### Brief
Print the records below exactly as they appear. Omit all pictures.

[Spatial localization data]
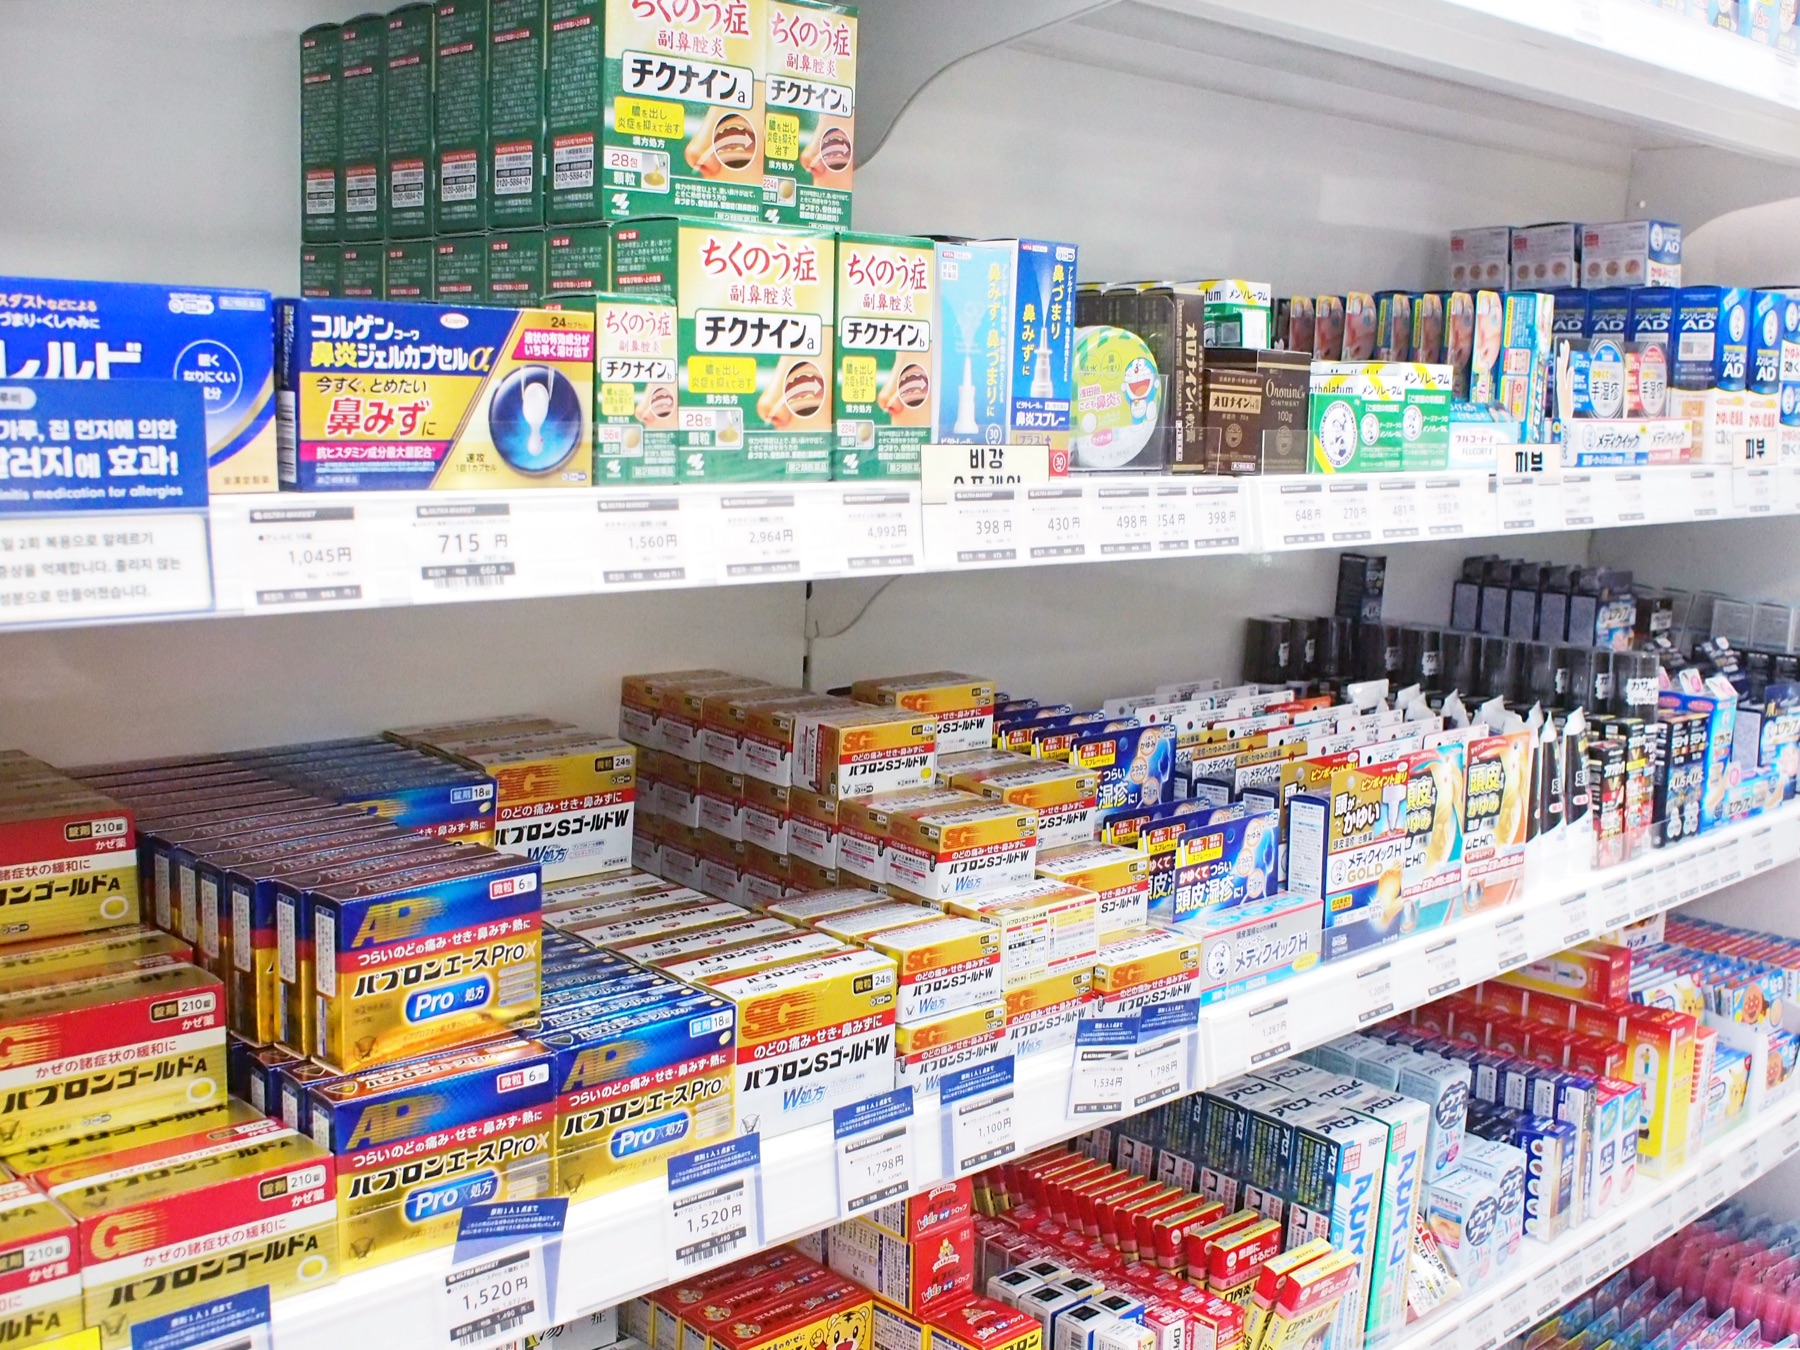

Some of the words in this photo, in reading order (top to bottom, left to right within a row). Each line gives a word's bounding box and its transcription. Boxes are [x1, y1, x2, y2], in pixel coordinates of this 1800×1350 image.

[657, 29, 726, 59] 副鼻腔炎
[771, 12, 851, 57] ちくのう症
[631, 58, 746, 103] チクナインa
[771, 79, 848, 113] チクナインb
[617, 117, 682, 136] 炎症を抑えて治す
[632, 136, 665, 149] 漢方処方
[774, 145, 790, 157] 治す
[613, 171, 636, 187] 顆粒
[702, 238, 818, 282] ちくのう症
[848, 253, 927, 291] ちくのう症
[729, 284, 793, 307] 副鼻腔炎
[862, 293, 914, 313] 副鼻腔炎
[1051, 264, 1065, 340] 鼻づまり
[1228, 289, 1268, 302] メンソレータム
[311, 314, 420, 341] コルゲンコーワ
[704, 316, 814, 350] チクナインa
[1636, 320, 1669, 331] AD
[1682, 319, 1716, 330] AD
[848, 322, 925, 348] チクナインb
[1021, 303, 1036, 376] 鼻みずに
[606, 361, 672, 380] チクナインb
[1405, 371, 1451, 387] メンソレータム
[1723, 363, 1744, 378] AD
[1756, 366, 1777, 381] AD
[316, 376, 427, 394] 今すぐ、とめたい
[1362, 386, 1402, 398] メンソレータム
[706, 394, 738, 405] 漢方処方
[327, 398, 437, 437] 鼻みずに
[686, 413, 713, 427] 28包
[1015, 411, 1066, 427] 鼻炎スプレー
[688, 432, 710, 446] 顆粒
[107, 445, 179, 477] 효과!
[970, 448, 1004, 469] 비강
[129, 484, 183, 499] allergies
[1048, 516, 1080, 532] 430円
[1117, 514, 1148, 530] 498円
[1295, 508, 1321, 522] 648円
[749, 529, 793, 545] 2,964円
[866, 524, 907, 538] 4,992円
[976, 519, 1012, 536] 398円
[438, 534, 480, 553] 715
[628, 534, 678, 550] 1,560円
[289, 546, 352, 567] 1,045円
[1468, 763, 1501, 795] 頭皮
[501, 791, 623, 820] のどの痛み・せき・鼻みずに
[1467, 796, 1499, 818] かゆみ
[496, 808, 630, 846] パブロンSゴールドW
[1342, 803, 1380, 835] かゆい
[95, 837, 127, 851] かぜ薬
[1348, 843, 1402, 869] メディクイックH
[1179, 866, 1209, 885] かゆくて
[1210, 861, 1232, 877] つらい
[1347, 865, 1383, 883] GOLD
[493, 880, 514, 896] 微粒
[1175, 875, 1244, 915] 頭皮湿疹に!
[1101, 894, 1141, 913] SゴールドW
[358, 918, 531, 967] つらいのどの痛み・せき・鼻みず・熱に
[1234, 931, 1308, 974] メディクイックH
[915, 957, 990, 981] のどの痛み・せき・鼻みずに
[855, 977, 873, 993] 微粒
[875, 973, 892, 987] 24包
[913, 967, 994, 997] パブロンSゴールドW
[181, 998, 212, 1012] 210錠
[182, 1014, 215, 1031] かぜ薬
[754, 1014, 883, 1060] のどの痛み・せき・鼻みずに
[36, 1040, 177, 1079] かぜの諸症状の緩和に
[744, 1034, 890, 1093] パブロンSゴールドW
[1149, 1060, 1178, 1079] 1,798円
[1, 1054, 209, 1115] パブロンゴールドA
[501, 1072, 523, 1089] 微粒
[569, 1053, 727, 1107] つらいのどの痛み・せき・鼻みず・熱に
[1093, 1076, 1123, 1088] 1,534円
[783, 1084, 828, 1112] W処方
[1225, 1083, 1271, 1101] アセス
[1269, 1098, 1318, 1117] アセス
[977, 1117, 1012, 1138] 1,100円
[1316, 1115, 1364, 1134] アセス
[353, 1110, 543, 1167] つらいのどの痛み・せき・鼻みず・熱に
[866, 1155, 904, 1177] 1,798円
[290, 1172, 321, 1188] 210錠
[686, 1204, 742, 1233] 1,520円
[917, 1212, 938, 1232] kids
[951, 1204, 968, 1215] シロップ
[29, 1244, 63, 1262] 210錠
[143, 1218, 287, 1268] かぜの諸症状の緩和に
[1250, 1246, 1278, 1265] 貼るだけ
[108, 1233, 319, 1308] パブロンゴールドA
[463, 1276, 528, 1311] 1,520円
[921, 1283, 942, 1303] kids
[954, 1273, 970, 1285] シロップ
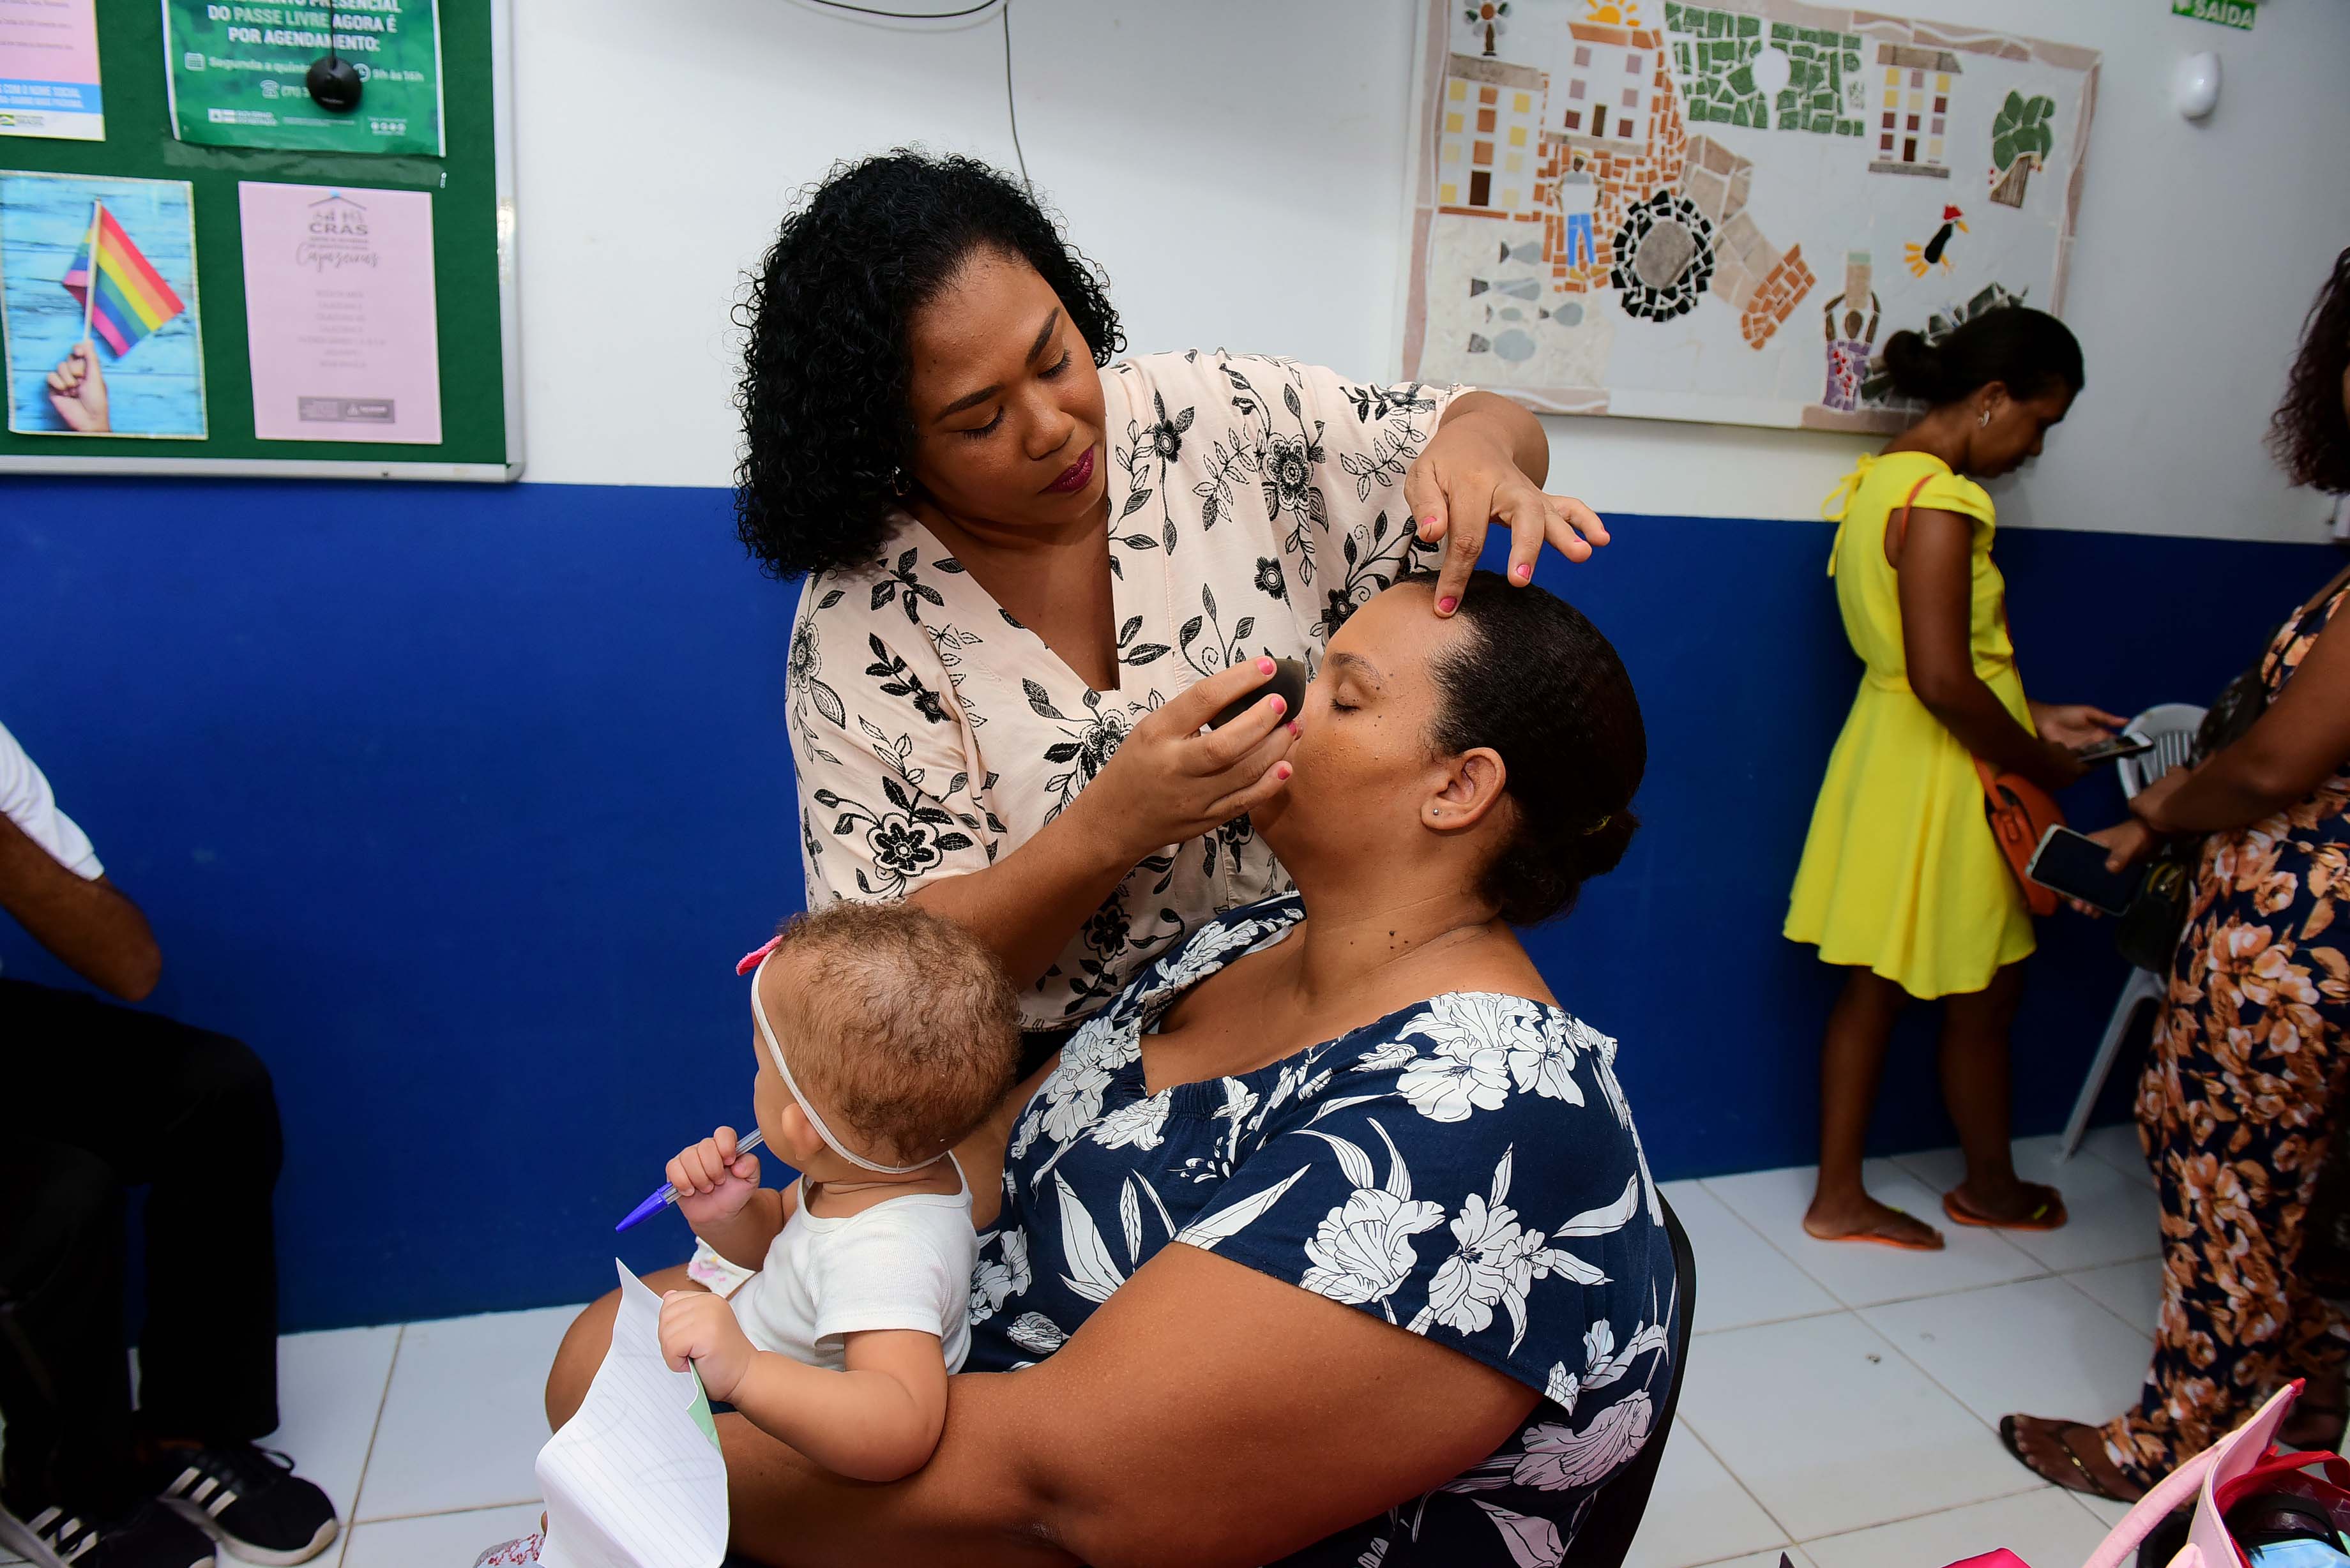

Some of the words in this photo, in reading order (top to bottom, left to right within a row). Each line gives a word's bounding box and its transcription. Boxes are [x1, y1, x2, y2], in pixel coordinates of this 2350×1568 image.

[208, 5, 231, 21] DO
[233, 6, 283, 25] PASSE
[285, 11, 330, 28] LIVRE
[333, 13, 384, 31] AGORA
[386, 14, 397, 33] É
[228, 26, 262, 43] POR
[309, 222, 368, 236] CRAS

### Response below
Some of the words in this photo, in reading order (top to bottom, left to right within a row). Each line gives a word's bounding box and its transcription. Boxes are [x1, y1, x2, y2], in pixel coordinates of this 1800×1350 image.

[657, 29, 726, 59] 副鼻腔炎
[771, 12, 851, 57] ちくのう症
[631, 58, 746, 103] チクナインa
[771, 79, 848, 113] チクナインb
[617, 117, 682, 136] 炎症を抑えて治す
[632, 136, 665, 149] 漢方処方
[774, 145, 790, 157] 治す
[613, 171, 636, 187] 顆粒
[702, 238, 818, 282] ちくのう症
[848, 253, 927, 291] ちくのう症
[729, 284, 793, 307] 副鼻腔炎
[862, 293, 914, 313] 副鼻腔炎
[1051, 264, 1065, 340] 鼻づまり
[1228, 289, 1268, 302] メンソレータム
[311, 314, 420, 341] コルゲンコーワ
[704, 316, 814, 350] チクナインa
[1636, 320, 1669, 331] AD
[1682, 319, 1716, 330] AD
[848, 322, 925, 348] チクナインb
[1021, 303, 1036, 376] 鼻みずに
[606, 361, 672, 380] チクナインb
[1405, 371, 1451, 387] メンソレータム
[1723, 363, 1744, 378] AD
[1756, 366, 1777, 381] AD
[316, 376, 427, 394] 今すぐ、とめたい
[1362, 386, 1402, 398] メンソレータム
[706, 394, 738, 405] 漢方処方
[327, 398, 437, 437] 鼻みずに
[686, 413, 713, 427] 28包
[1015, 411, 1066, 427] 鼻炎スプレー
[688, 432, 710, 446] 顆粒
[107, 445, 179, 477] 효과!
[970, 448, 1004, 469] 비강
[129, 484, 183, 499] allergies
[1048, 516, 1080, 532] 430円
[1117, 514, 1148, 530] 498円
[1295, 508, 1321, 522] 648円
[749, 529, 793, 545] 2,964円
[866, 524, 907, 538] 4,992円
[976, 519, 1012, 536] 398円
[438, 534, 480, 553] 715
[628, 534, 678, 550] 1,560円
[289, 546, 352, 567] 1,045円
[1468, 763, 1501, 795] 頭皮
[501, 791, 623, 820] のどの痛み・せき・鼻みずに
[1467, 796, 1499, 818] かゆみ
[496, 808, 630, 846] パブロンSゴールドW
[1342, 803, 1380, 835] かゆい
[95, 837, 127, 851] かぜ薬
[1348, 843, 1402, 869] メディクイックH
[1179, 866, 1209, 885] かゆくて
[1210, 861, 1232, 877] つらい
[1347, 865, 1383, 883] GOLD
[493, 880, 514, 896] 微粒
[1175, 875, 1244, 915] 頭皮湿疹に!
[1101, 894, 1141, 913] SゴールドW
[358, 918, 531, 967] つらいのどの痛み・せき・鼻みず・熱に
[1234, 931, 1308, 974] メディクイックH
[915, 957, 990, 981] のどの痛み・せき・鼻みずに
[855, 977, 873, 993] 微粒
[875, 973, 892, 987] 24包
[913, 967, 994, 997] パブロンSゴールドW
[181, 998, 212, 1012] 210錠
[182, 1014, 215, 1031] かぜ薬
[754, 1014, 883, 1060] のどの痛み・せき・鼻みずに
[36, 1040, 177, 1079] かぜの諸症状の緩和に
[744, 1034, 890, 1093] パブロンSゴールドW
[1149, 1060, 1178, 1079] 1,798円
[1, 1054, 209, 1115] パブロンゴールドA
[501, 1072, 523, 1089] 微粒
[569, 1053, 727, 1107] つらいのどの痛み・せき・鼻みず・熱に
[1093, 1076, 1123, 1088] 1,534円
[783, 1084, 828, 1112] W処方
[1225, 1083, 1271, 1101] アセス
[1269, 1098, 1318, 1117] アセス
[977, 1117, 1012, 1138] 1,100円
[1316, 1115, 1364, 1134] アセス
[353, 1110, 543, 1167] つらいのどの痛み・せき・鼻みず・熱に
[866, 1155, 904, 1177] 1,798円
[290, 1172, 321, 1188] 210錠
[686, 1204, 742, 1233] 1,520円
[917, 1212, 938, 1232] kids
[951, 1204, 968, 1215] シロップ
[29, 1244, 63, 1262] 210錠
[143, 1218, 287, 1268] かぜの諸症状の緩和に
[1250, 1246, 1278, 1265] 貼るだけ
[108, 1233, 319, 1308] パブロンゴールドA
[463, 1276, 528, 1311] 1,520円
[921, 1283, 942, 1303] kids
[954, 1273, 970, 1285] シロップ

Some of the words in this photo, in reading order (top to bottom, left to right within a row). Each line gives a word's bounding box and its transcription. Boxes are [x1, y1, x2, y2], in pixel coordinates of this 2350×1568 image.

[208, 5, 231, 21] DO
[233, 6, 283, 25] PASSE
[285, 11, 330, 28] LIVRE
[333, 13, 384, 31] AGORA
[386, 14, 397, 33] É
[228, 26, 262, 43] POR
[309, 222, 368, 236] CRAS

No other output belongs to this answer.